(DATASET ENTRIES)
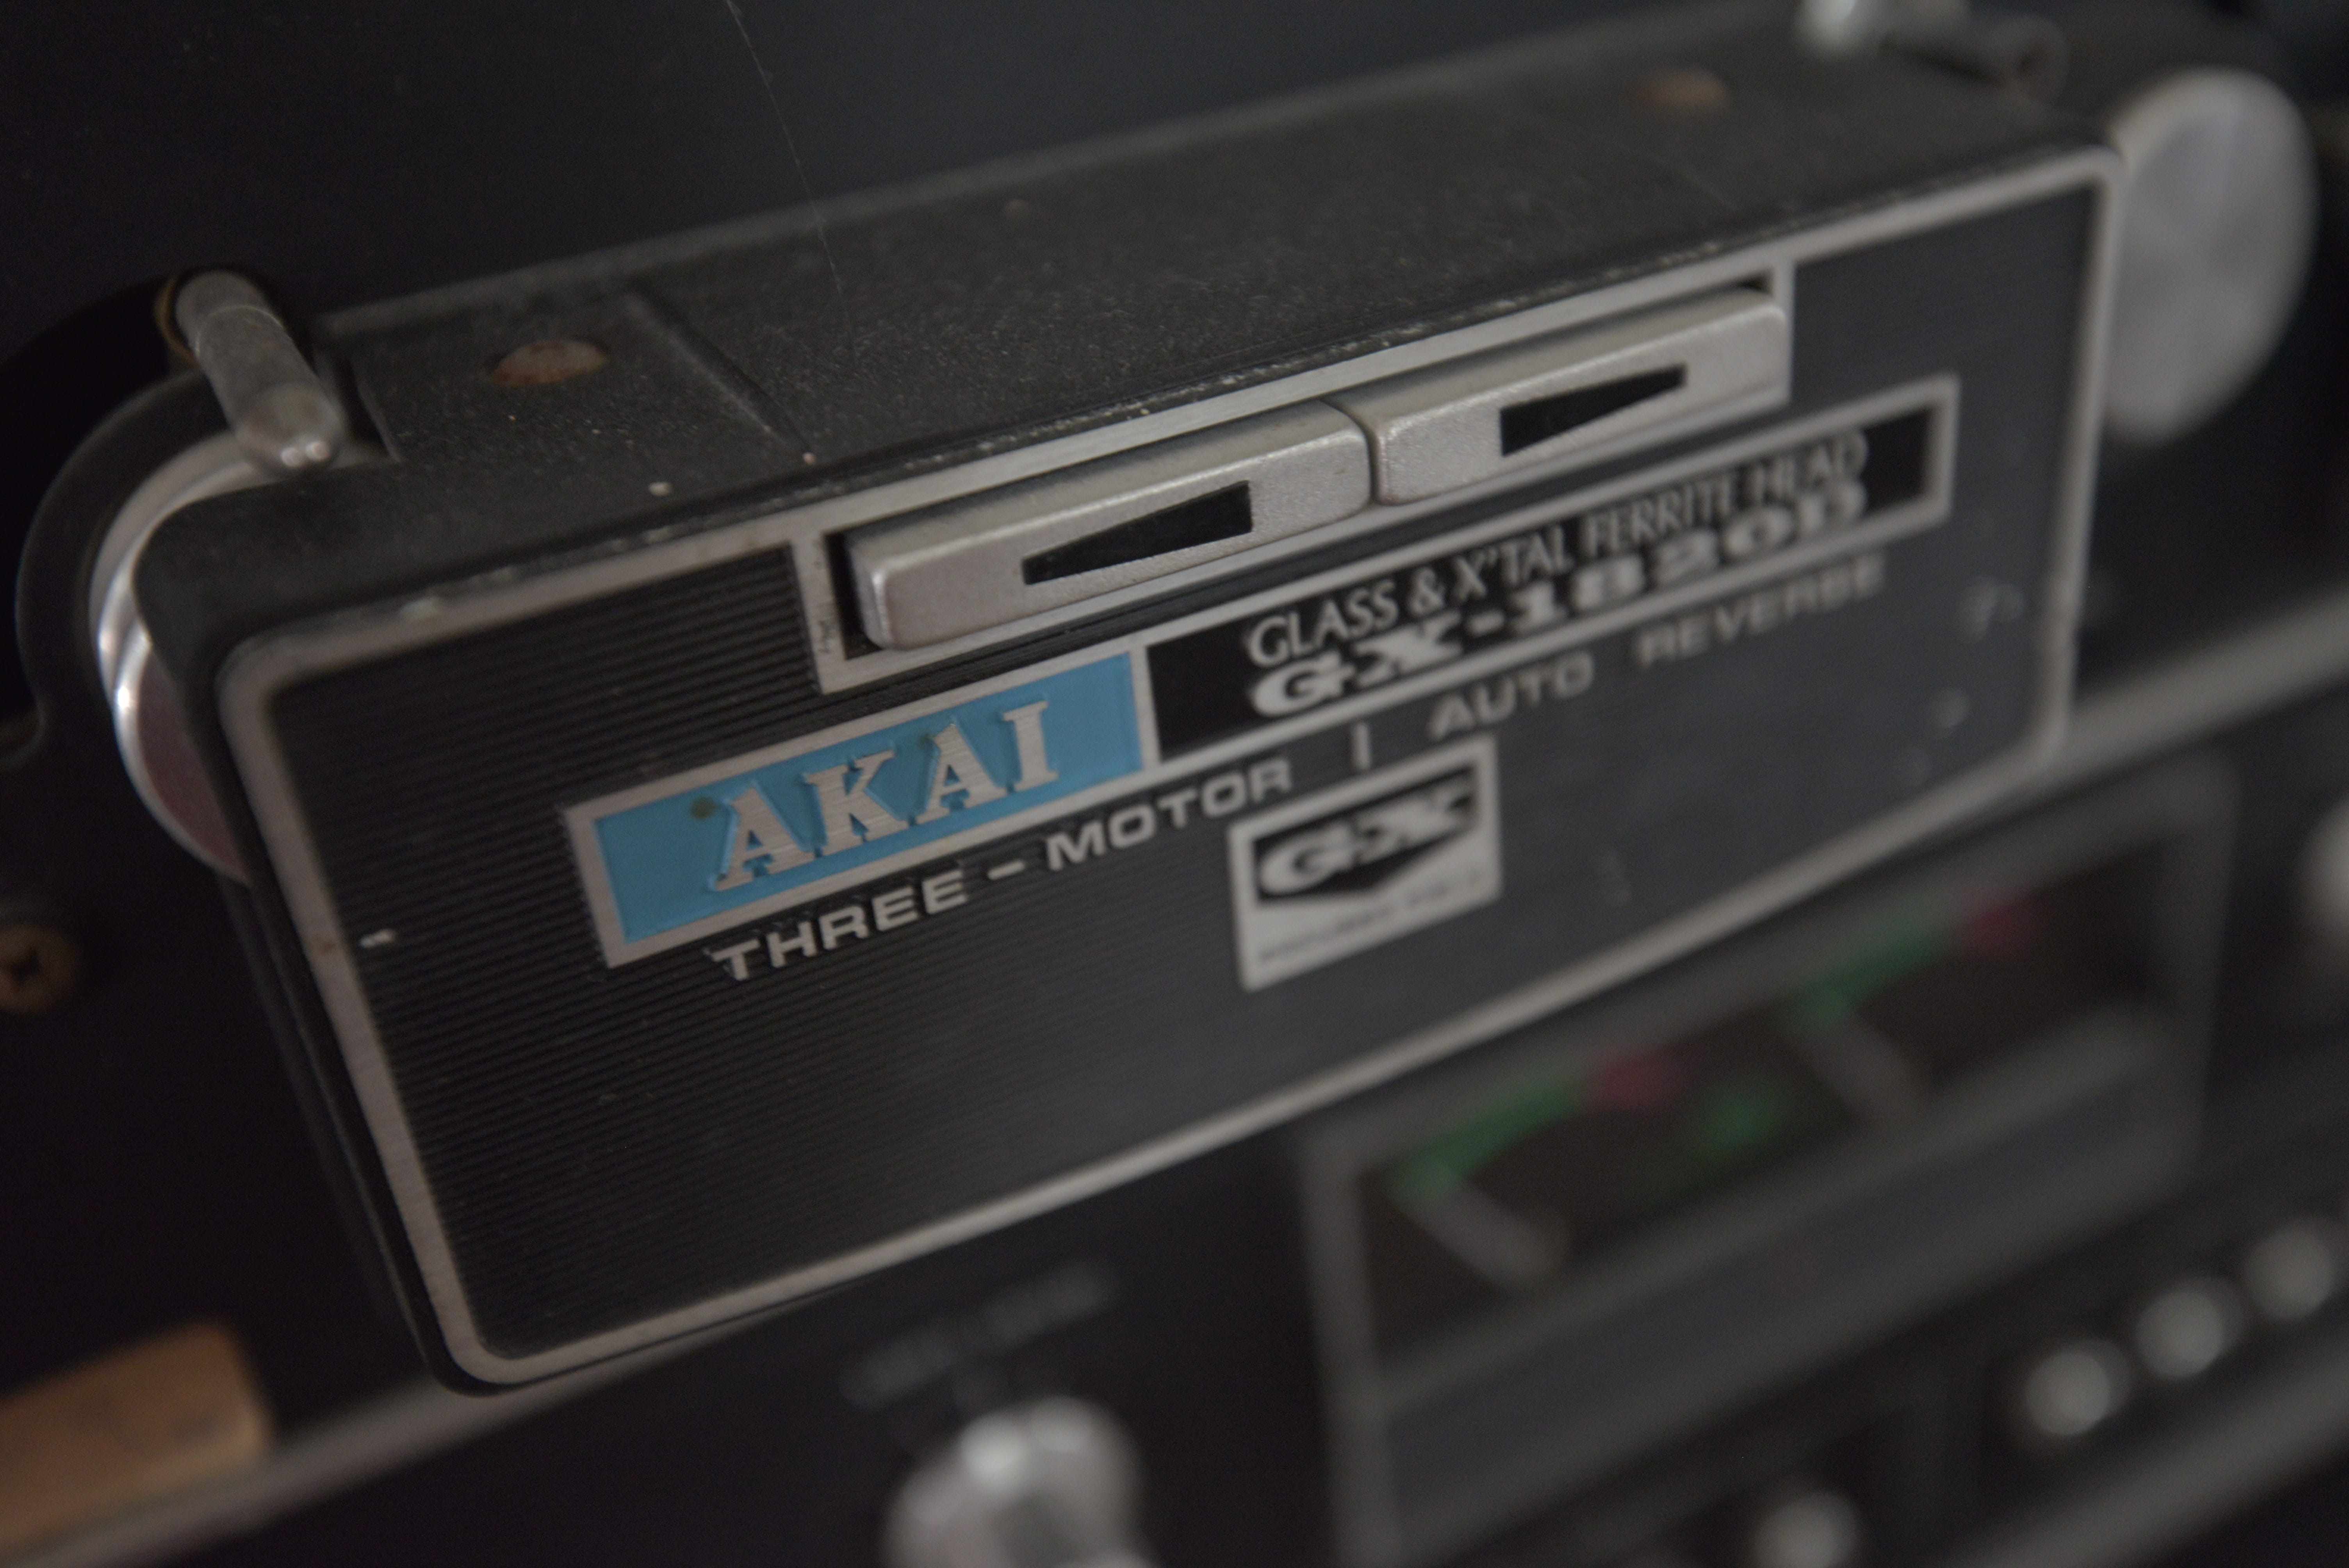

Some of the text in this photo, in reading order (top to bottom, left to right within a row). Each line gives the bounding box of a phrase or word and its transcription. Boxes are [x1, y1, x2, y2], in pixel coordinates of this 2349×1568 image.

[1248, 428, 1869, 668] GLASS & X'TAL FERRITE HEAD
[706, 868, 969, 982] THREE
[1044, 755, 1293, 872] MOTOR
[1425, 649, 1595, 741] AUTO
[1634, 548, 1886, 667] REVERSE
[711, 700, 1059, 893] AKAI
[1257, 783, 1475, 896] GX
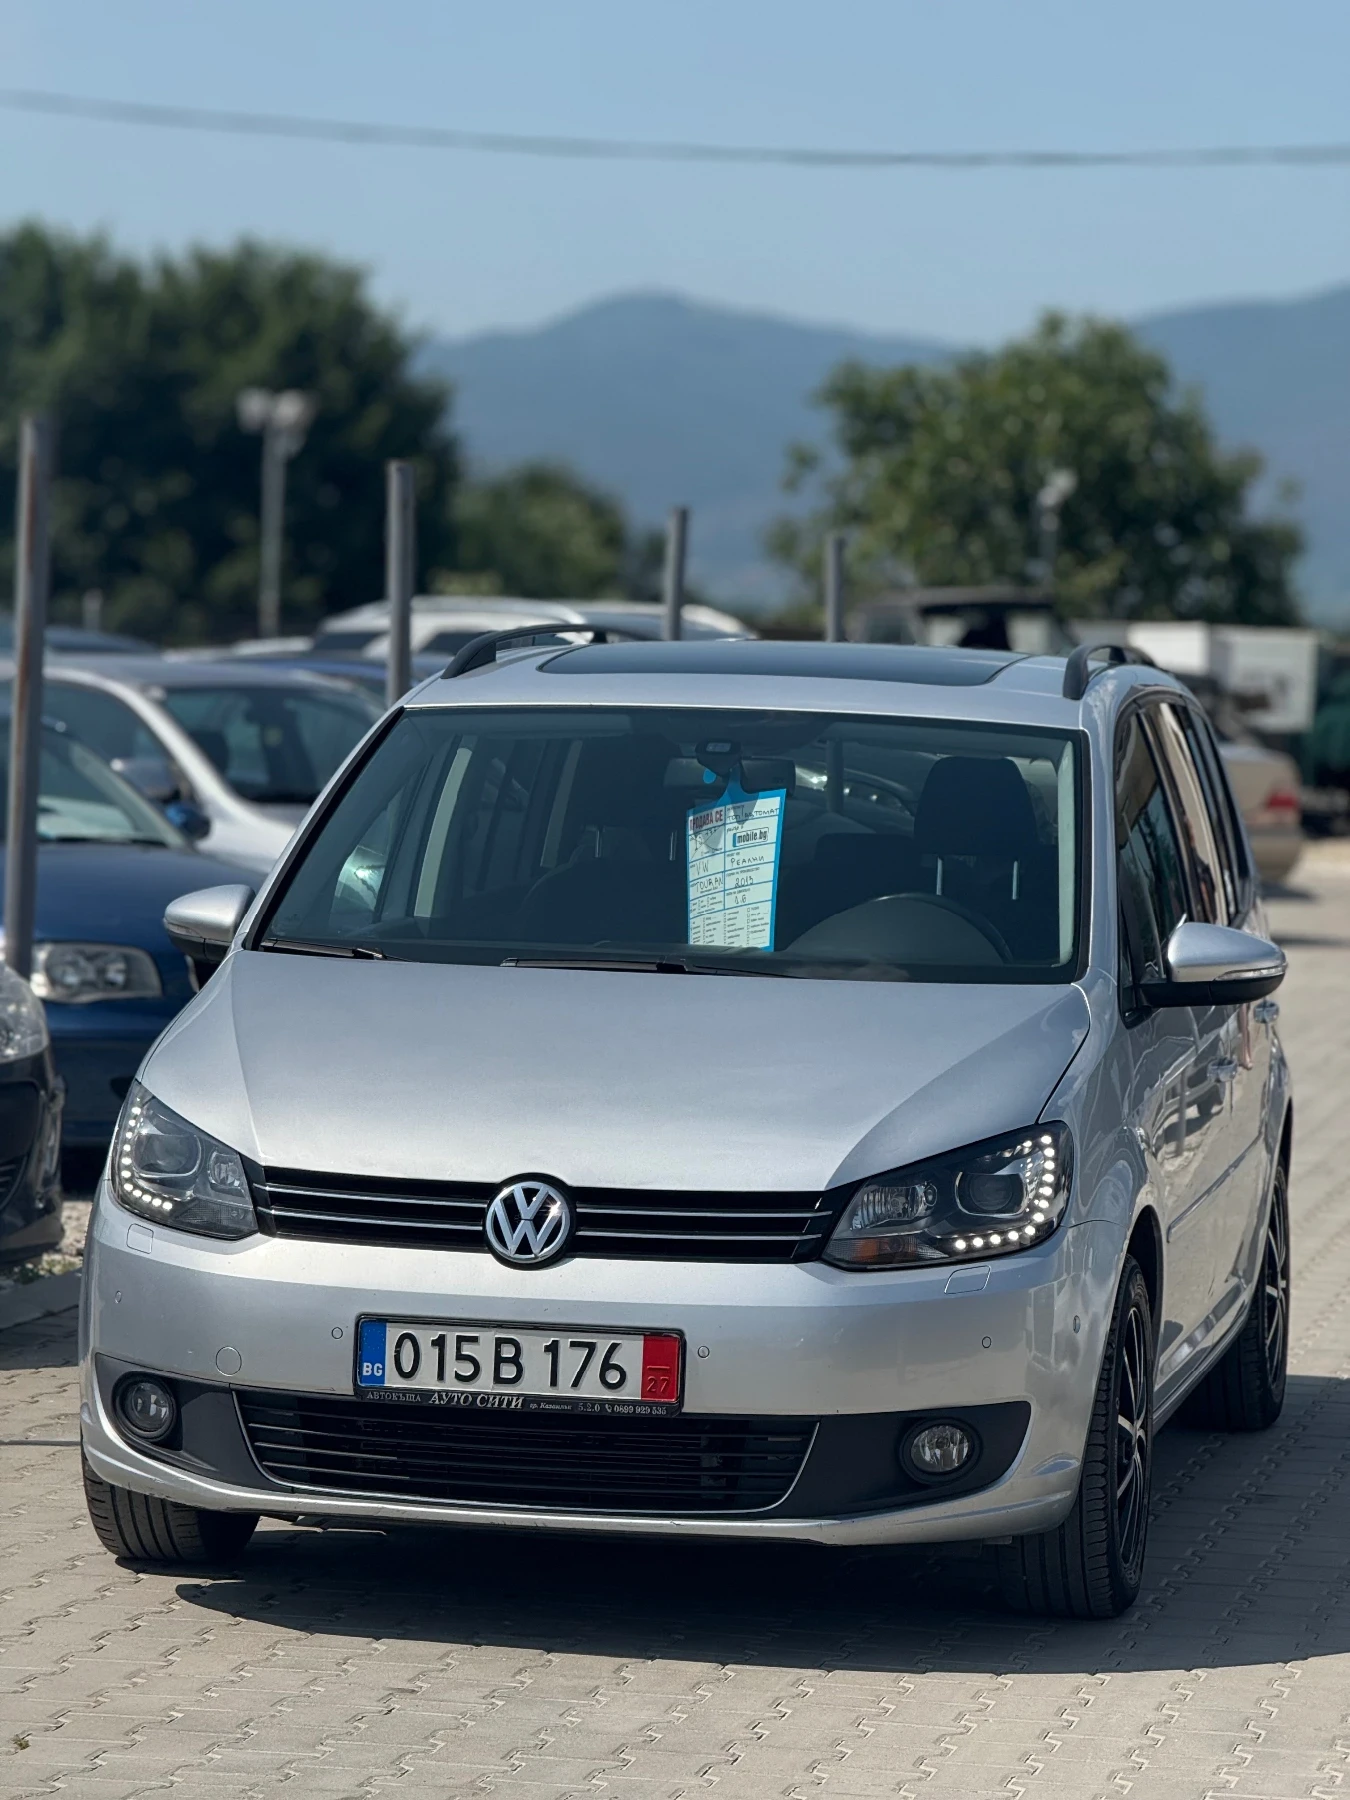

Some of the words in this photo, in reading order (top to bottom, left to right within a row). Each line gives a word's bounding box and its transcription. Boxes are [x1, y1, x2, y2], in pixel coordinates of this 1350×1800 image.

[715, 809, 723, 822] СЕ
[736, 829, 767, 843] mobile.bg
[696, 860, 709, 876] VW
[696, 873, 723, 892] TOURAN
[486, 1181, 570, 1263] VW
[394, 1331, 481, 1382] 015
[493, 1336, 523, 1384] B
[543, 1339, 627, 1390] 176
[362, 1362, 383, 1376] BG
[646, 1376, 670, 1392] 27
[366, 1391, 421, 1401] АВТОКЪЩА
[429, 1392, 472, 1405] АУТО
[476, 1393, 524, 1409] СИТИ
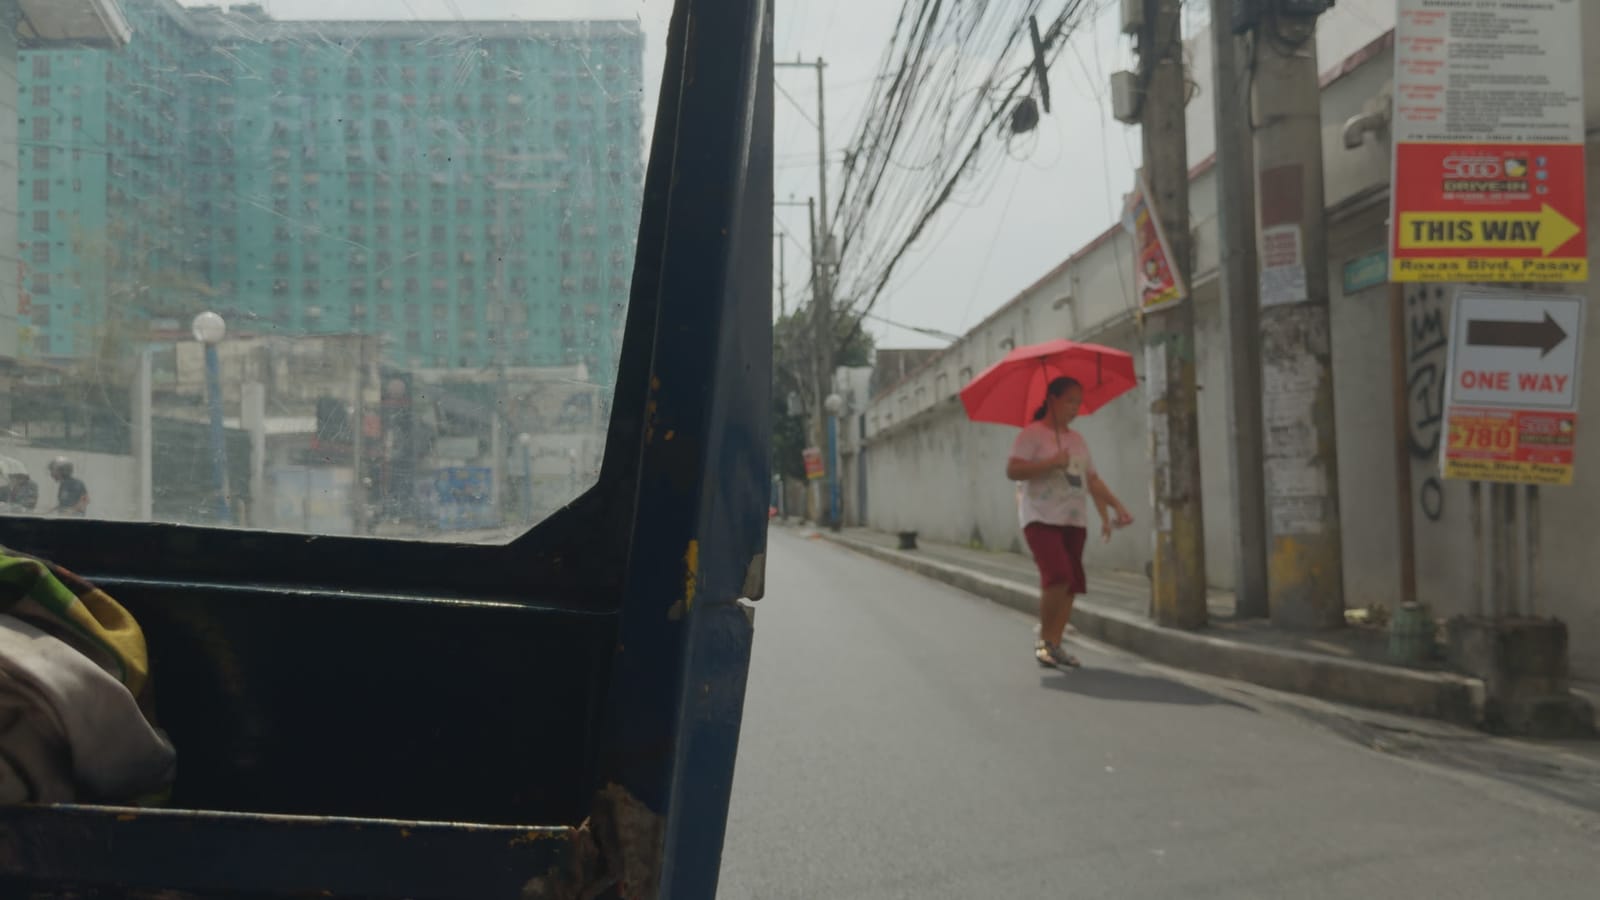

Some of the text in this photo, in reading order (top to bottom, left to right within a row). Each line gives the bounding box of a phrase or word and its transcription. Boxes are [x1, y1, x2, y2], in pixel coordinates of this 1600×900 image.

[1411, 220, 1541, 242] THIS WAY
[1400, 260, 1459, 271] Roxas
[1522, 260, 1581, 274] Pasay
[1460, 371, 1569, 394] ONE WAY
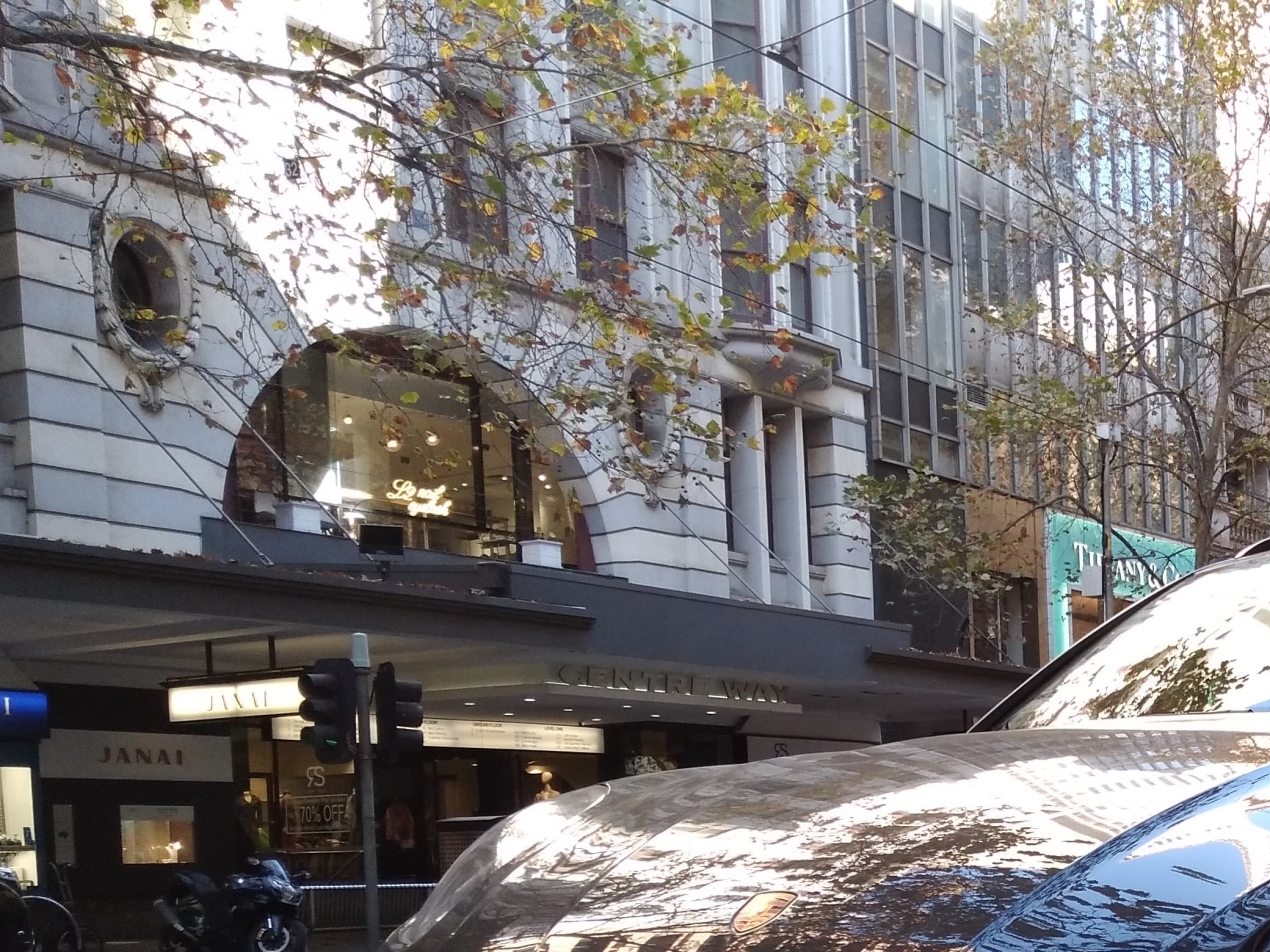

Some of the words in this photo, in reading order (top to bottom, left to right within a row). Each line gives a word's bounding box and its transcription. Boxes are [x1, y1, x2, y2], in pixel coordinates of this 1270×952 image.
(End DATASET ENTRIES)
THE PROBLEM => Please print all the data above word for word. Pictures should not appear in the copy.

RESPONSE TO THE TASK =>
Some of the text in this photo, in reading order (top to bottom, left to right within a row). Each line gives the bounding box of a phrase or word and its transcription. Boxes are [x1, y1, x2, y2], in pixel coordinates of this 2349×1568 image.

[1248, 428, 1869, 668] GLASS & X'TAL FERRITE HEAD
[706, 868, 969, 982] THREE
[1044, 755, 1293, 872] MOTOR
[1425, 649, 1595, 741] AUTO
[1634, 548, 1886, 667] REVERSE
[711, 700, 1059, 893] AKAI
[1257, 783, 1475, 896] GX

Some of the words in this photo, in reading order (top to bottom, left to right within a row). Each line gives a word's bounding box and its transcription. Boxes are [x1, y1, x2, y2], in pixel coordinates of this 1350×1800 image.

[715, 809, 723, 822] СЕ
[736, 829, 767, 843] mobile.bg
[696, 860, 709, 876] VW
[696, 873, 723, 892] TOURAN
[486, 1181, 570, 1263] VW
[394, 1331, 481, 1382] 015
[493, 1336, 523, 1384] B
[543, 1339, 627, 1390] 176
[362, 1362, 383, 1376] BG
[646, 1376, 670, 1392] 27
[366, 1391, 421, 1401] АВТОКЪЩА
[429, 1392, 472, 1405] АУТО
[476, 1393, 524, 1409] СИТИ

Some of the text in this photo, in reading order (top to bottom, left to right within a row). Each line gives the bounding box of a phrase or word and its transcription. Boxes are [x1, y1, x2, y2], in pixel coordinates of this 1600×900 image.

[1411, 220, 1541, 242] THIS WAY
[1400, 260, 1459, 271] Roxas
[1522, 260, 1581, 274] Pasay
[1460, 371, 1569, 394] ONE WAY

Some of the words in this photo, in reading order (top to bottom, left to right within a row). Each line gives a word's bounding box and its transcription. Boxes are [x1, y1, x2, y2], in pixel coordinates of this 1270×952 image.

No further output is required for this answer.